▸ INSTRUCTIONS FOR THE TASK: The records that follow are to be repeated exactly, in full.

▸ Dataset entries:
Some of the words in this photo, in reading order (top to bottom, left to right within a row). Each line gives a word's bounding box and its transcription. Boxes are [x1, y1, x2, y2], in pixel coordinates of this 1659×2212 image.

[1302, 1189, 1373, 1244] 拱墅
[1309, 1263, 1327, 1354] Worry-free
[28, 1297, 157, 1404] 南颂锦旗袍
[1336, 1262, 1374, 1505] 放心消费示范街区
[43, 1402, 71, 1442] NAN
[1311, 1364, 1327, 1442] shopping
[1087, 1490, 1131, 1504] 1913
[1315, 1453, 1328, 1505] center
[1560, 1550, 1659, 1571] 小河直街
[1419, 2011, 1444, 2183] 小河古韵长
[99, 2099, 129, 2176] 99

▸ RESPONSE TO THE EXERCISE:
Some of the words in this photo, in reading order (top to bottom, left to right within a row). Each line gives a word's bounding box and its transcription. Boxes are [x1, y1, x2, y2], in pixel coordinates of this 1659×2212 image.

[1302, 1189, 1373, 1244] 拱墅
[1309, 1263, 1327, 1354] Worry-free
[28, 1297, 157, 1404] 南颂锦旗袍
[1336, 1262, 1374, 1505] 放心消费示范街区
[43, 1402, 71, 1442] NAN
[1311, 1364, 1327, 1442] shopping
[1087, 1490, 1131, 1504] 1913
[1315, 1453, 1328, 1505] center
[1560, 1550, 1659, 1571] 小河直街
[1419, 2011, 1444, 2183] 小河古韵长
[99, 2099, 129, 2176] 99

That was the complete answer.